SUMENEP – Desa Tenonan, Kecamatan Manding, Kabupaten Sumenep, terus menunjukkan perkembangan sebagai salah satu sentra industri mebel yang menjadi penggerak ekonomi masyarakat. Keahlian mengolah kayu yang diwariskan secara turun-temurun menjadikan desa ini dikenal sebagai penghasil berbagai produk furnitur berkualitas dengan pangsa pasar yang terus meluas.
Aktivitas produksi mebel menjadi pemandangan sehari-hari di Desa Tenonan. Mulai dari proses pemotongan kayu, penyerutan, hingga tahap ukiran dan penyelesaian akhir dilakukan oleh para pengrajin yang telah berpengalaman.
Sekretaris Desa Tenonan, Hasan, mengatakan usaha mebel telah menjadi mata pencaharian utama sebagian besar warga dan berkembang dari generasi ke generasi.
“Usaha mebel di sini bukanlah industri yang baru tumbuh. Keterampilan mengolah kayu diwariskan secara turun-temurun.
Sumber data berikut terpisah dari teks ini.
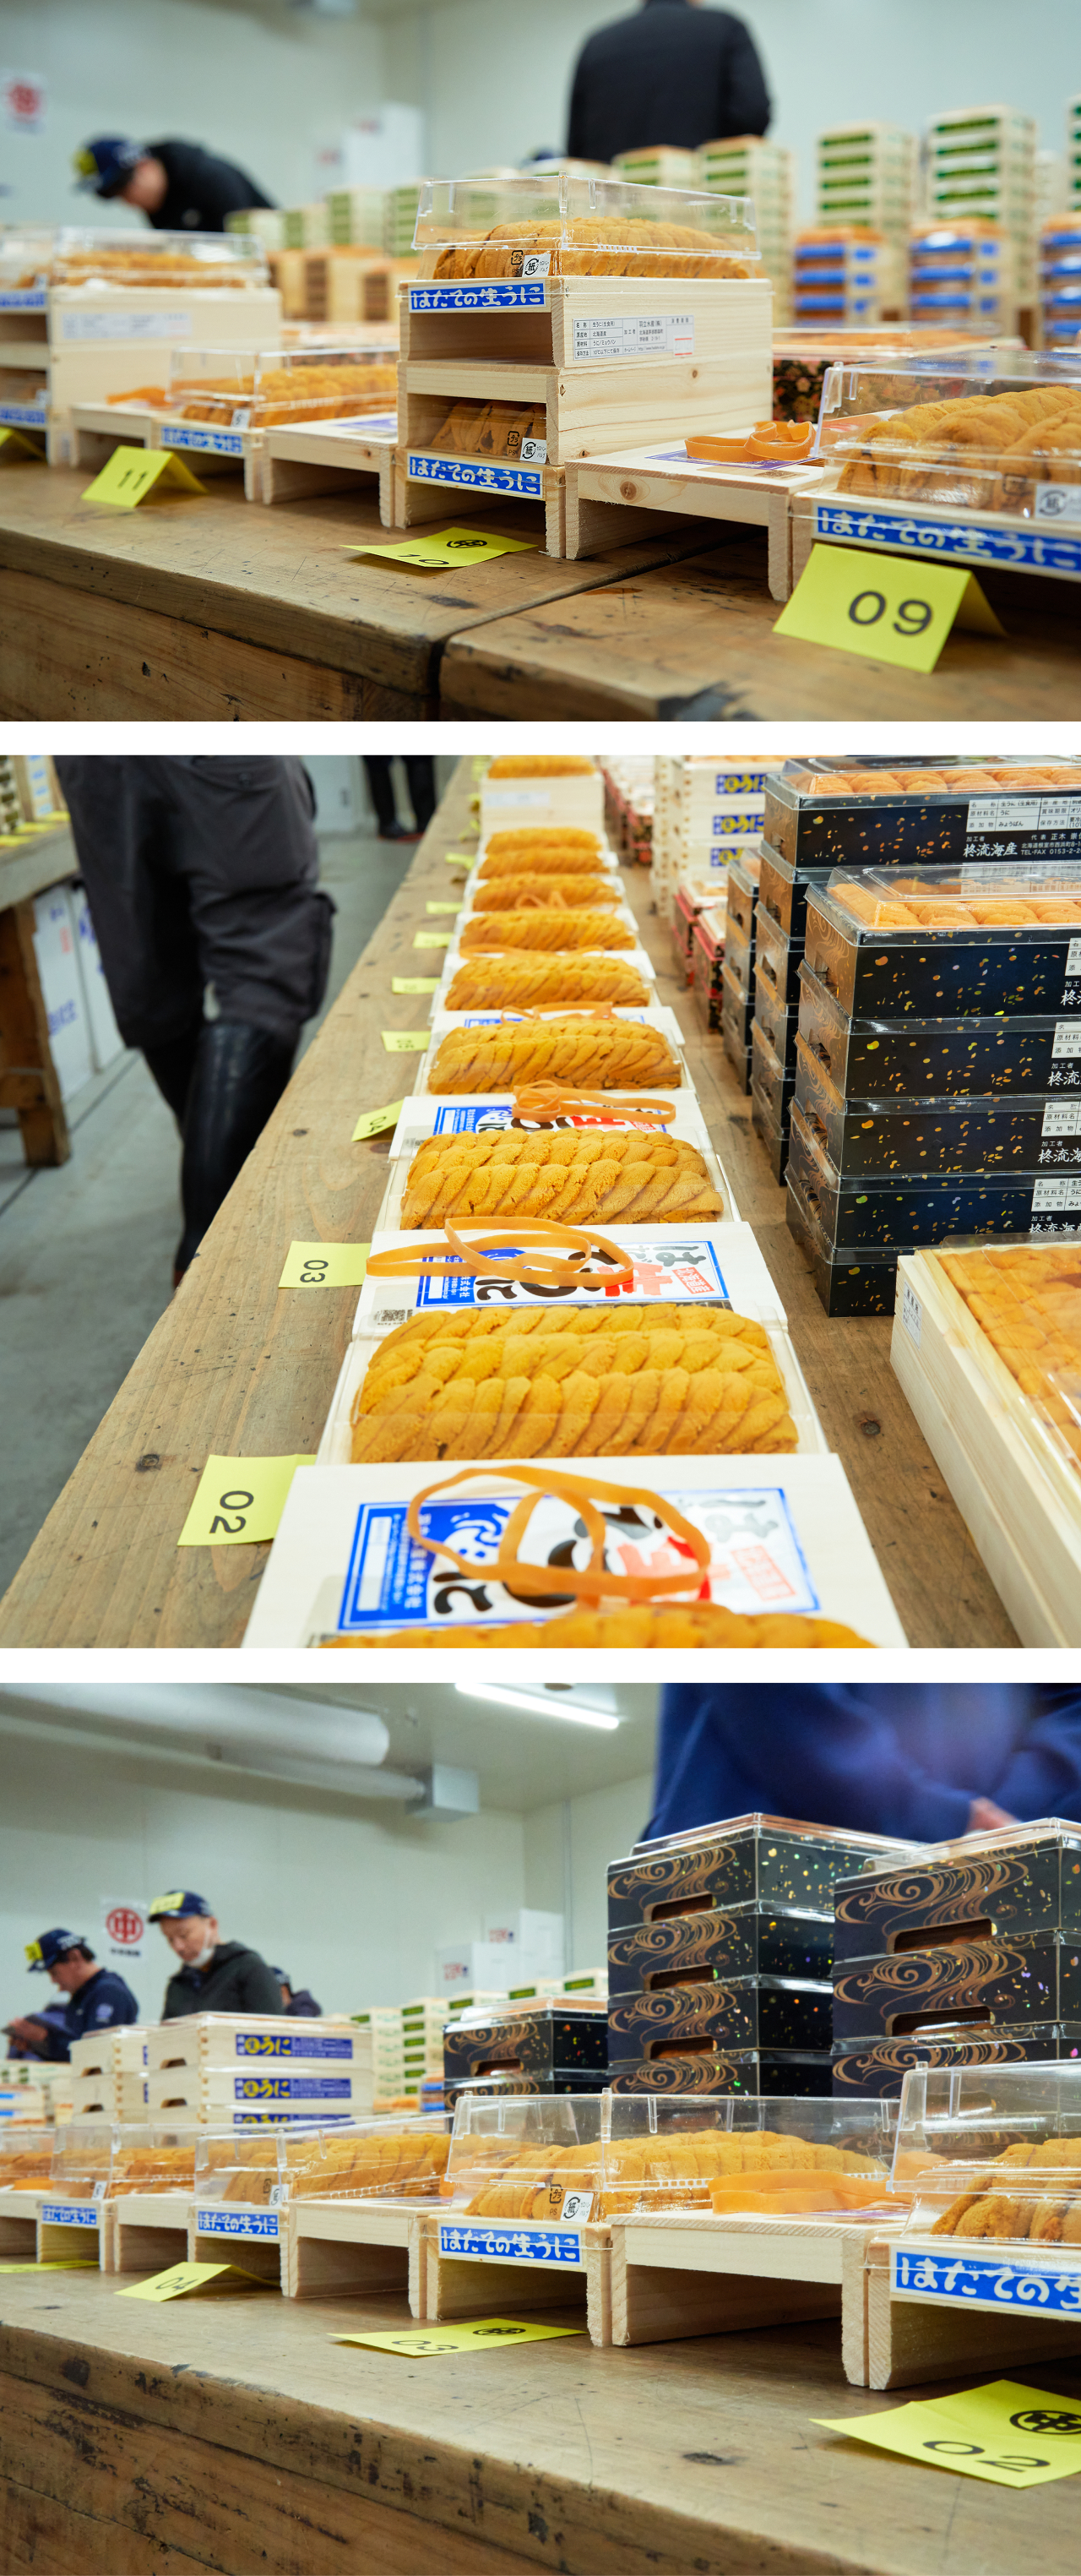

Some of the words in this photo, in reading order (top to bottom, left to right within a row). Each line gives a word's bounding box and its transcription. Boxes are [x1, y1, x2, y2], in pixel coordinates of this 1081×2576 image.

[413, 286, 541, 309] はだての生うに
[117, 467, 149, 492] 11
[411, 458, 538, 493] はだての生うに
[821, 509, 1078, 569] はだての生うに
[848, 590, 933, 636] 09
[1051, 832, 1067, 841] 正木
[963, 841, 1019, 858] 柊流海産
[1046, 1070, 1081, 1087] 柊流
[299, 1259, 329, 1283] 03
[209, 1490, 254, 1534] 02
[198, 2212, 277, 2234] はだての生うに
[550, 2208, 558, 2216] PS
[443, 2228, 577, 2260] はだての生うに
[155, 2276, 199, 2292] 04
[390, 2339, 459, 2351] 03
[921, 2440, 1051, 2474] 02
Kekuatan produk mebel Desa Tenonan terletak pada kualitas bahan baku pilihan dan konstruksi yang kokoh,” ujarnya kepada Media Center Diskominfo Kabupaten Sumenep, Selasa (14/7/2026).
Berbagai produk furnitur diproduksi oleh para pengrajin, mulai dari lemari pakaian bergaya minimalis maupun ukiran klasik, set meja dan kursi tamu, tempat tidur, hingga kusen pintu dan jendela yang dikerjakan sesuai kebutuhan konsumen.
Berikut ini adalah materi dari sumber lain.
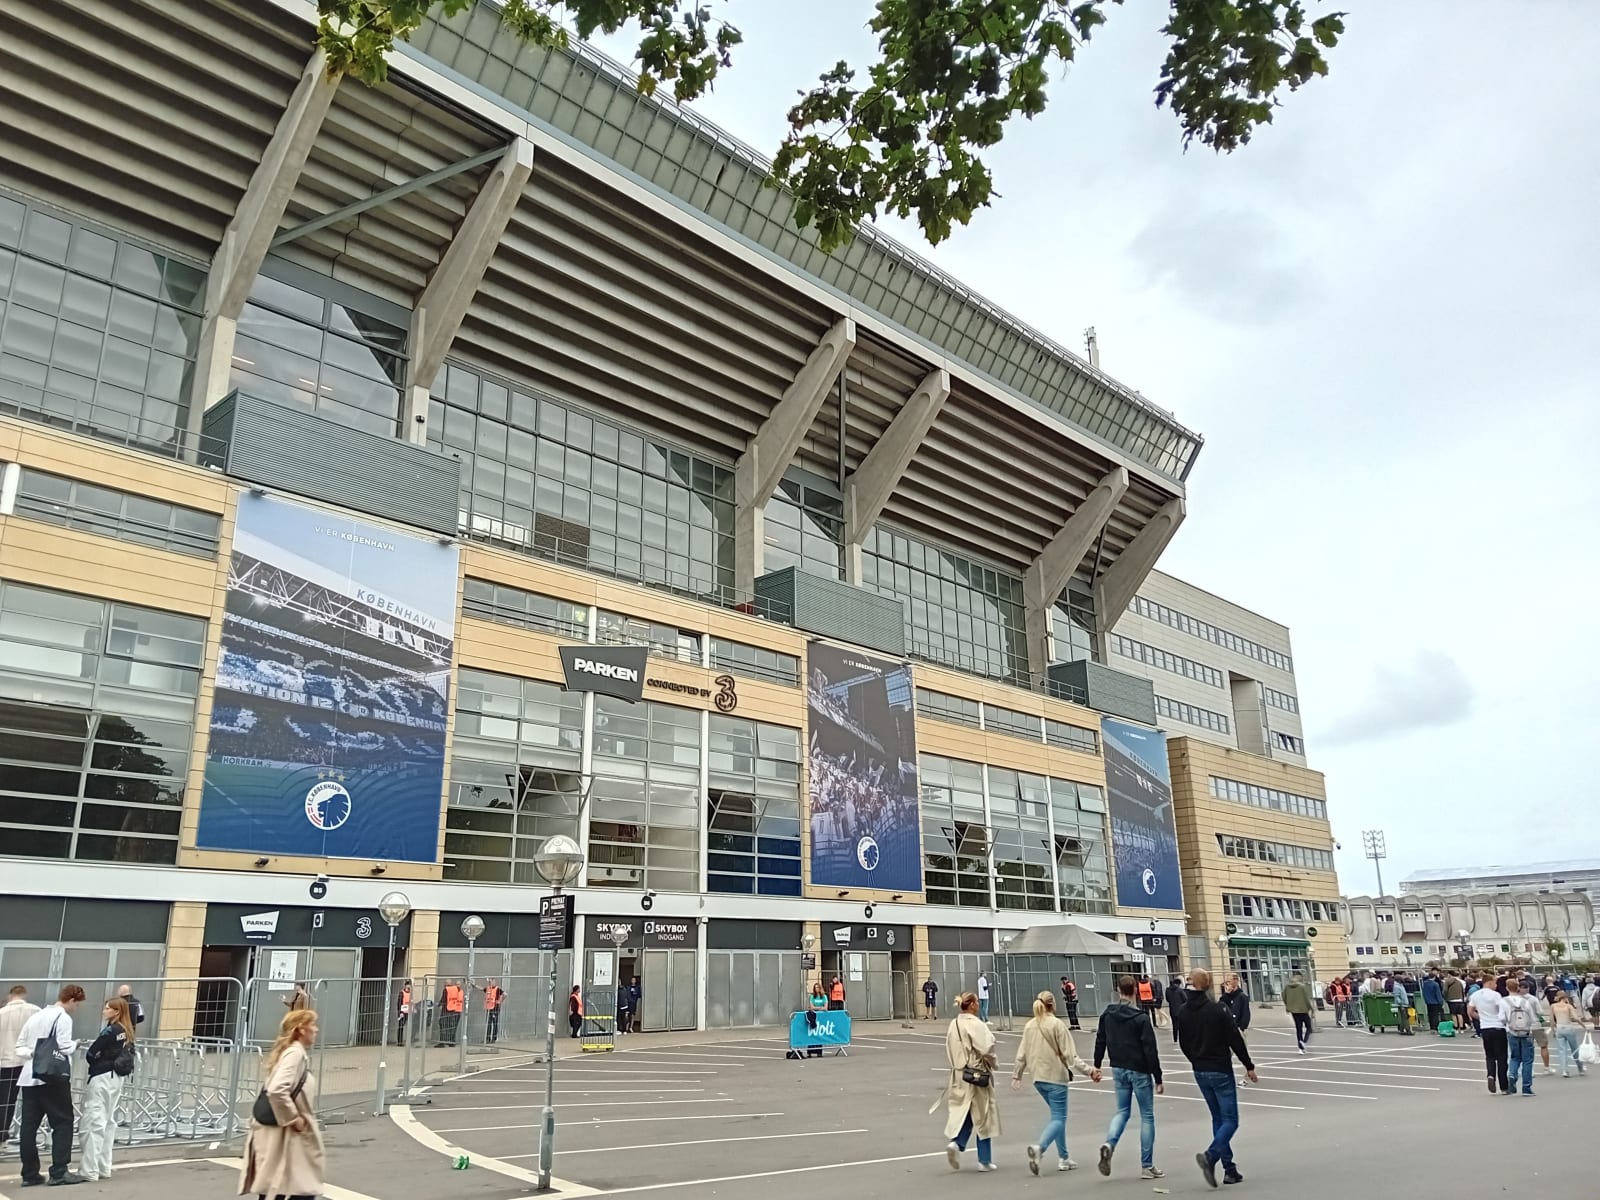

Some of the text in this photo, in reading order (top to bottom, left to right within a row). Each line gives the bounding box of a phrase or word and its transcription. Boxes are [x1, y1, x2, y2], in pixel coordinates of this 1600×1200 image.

[326, 528, 338, 537] ER
[341, 532, 396, 552] KØBENHAVN
[356, 588, 437, 630] KØBENHAVN
[574, 657, 638, 682] PARKEN
[647, 675, 737, 712] CONNECTED BY 3
[223, 756, 264, 768] HORKRAM
[246, 919, 274, 927] PARKEN
[356, 917, 372, 939] 3
[655, 924, 688, 933] SKYBOX
[807, 1019, 836, 1037] Wolt
Menurut Hasan, berkembangnya industri mebel memberikan dampak positif terhadap perekonomian desa karena mampu membuka lapangan pekerjaan bagi masyarakat setempat.
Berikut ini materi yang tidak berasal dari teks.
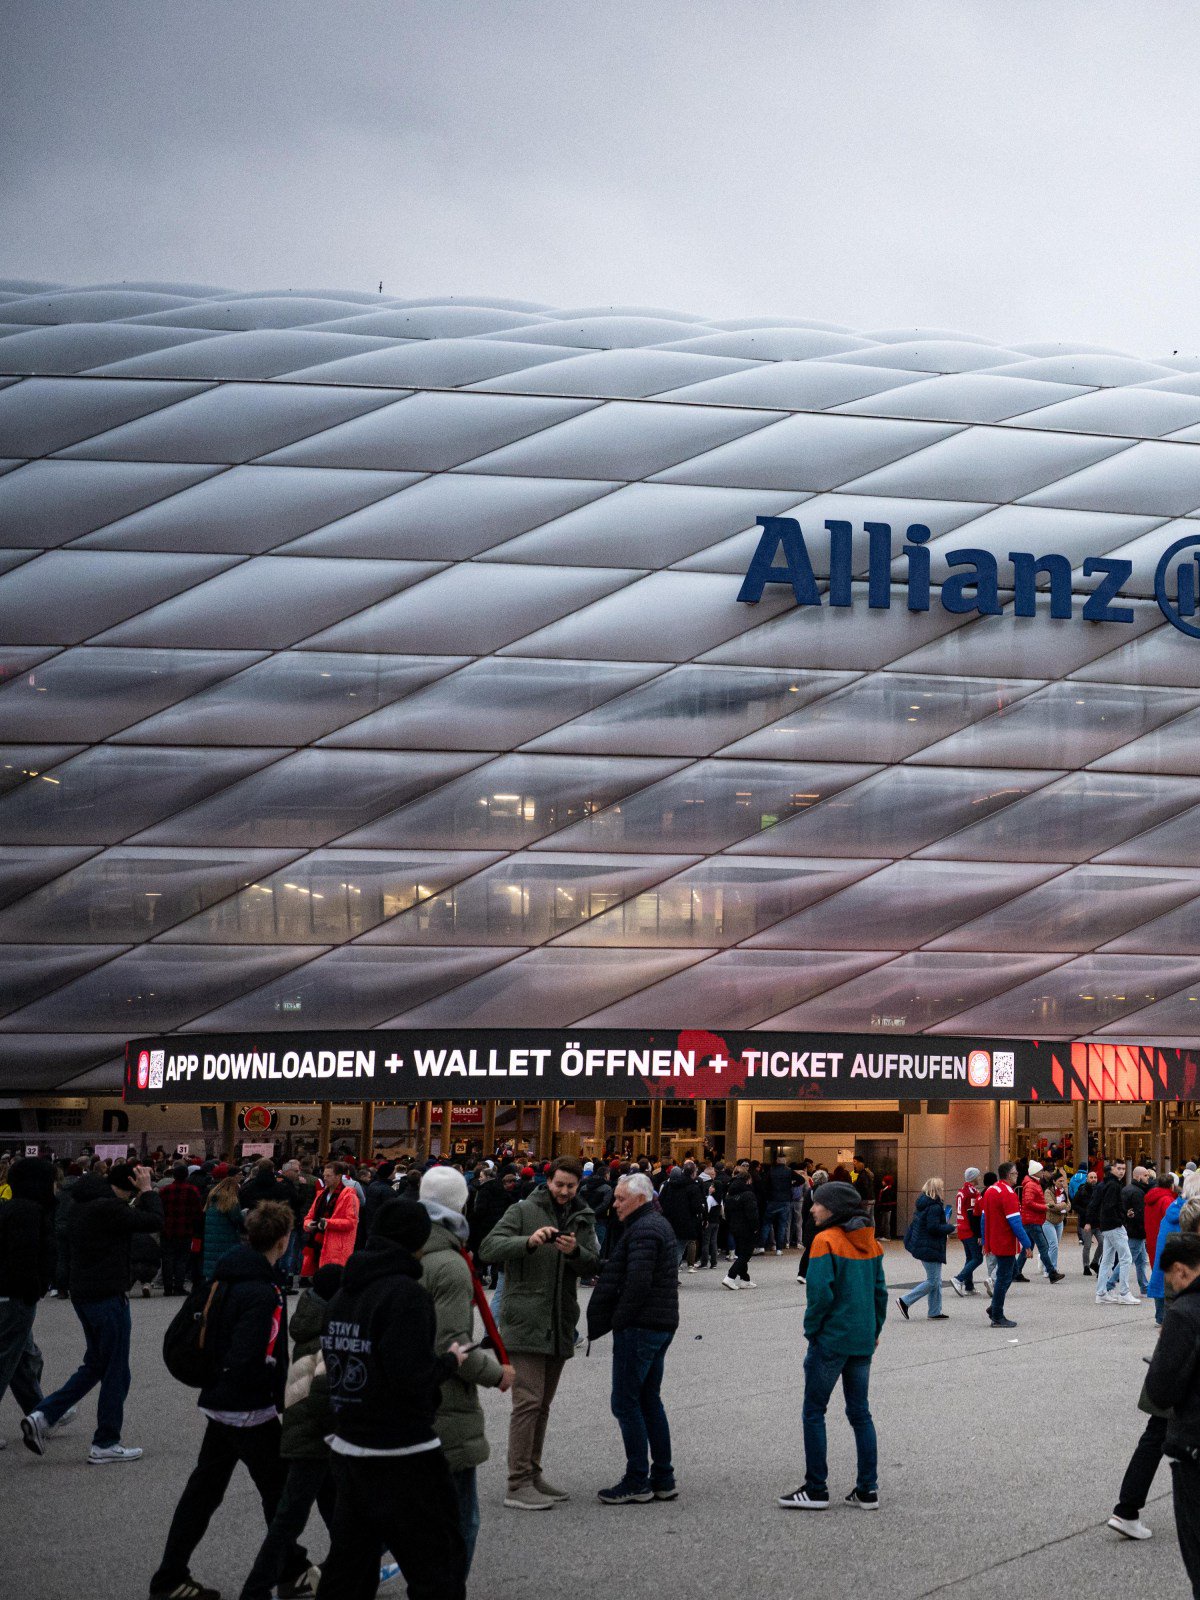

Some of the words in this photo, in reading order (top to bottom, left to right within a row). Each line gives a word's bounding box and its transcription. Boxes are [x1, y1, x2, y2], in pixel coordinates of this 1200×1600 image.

[736, 514, 1134, 624] Allianz
[165, 1054, 199, 1082] APP
[203, 1050, 376, 1081] DOWNLOADEN
[413, 1049, 551, 1076] WALLET
[560, 1041, 695, 1077] ÖFFNEN
[741, 1051, 843, 1078] TICKET
[850, 1053, 967, 1080] AUFRUFEN
[27, 1147, 37, 1155] 32
[328, 1321, 352, 1337] STAY
Industri ini menyerap tenaga kerja dari berbagai kalangan, mulai dari pemuda hingga pekerja berpengalaman yang menangani proses penyerutan, pengamplasan, perakitan, hingga tahap finishing menggunakan pelitur maupun cat.
“Sektor ini terbukti mampu menyerap tenaga kerja lokal dan menjadi sumber penghasilan bagi banyak keluarga di Desa Tenonan,” katanya.
Hasan menjelaskan keberhasilan produk mebel Tenonan menembus pasar luar daerah tidak terlepas dari konsistensi para pengrajin dalam menjaga kualitas sekaligus mengikuti perkembangan selera konsumen.
Selain mempertahankan model klasik, para pengrajin kini juga menghadirkan desain minimalis modern dan menerima pesanan furnitur khusus (custom) sesuai permintaan pelanggan.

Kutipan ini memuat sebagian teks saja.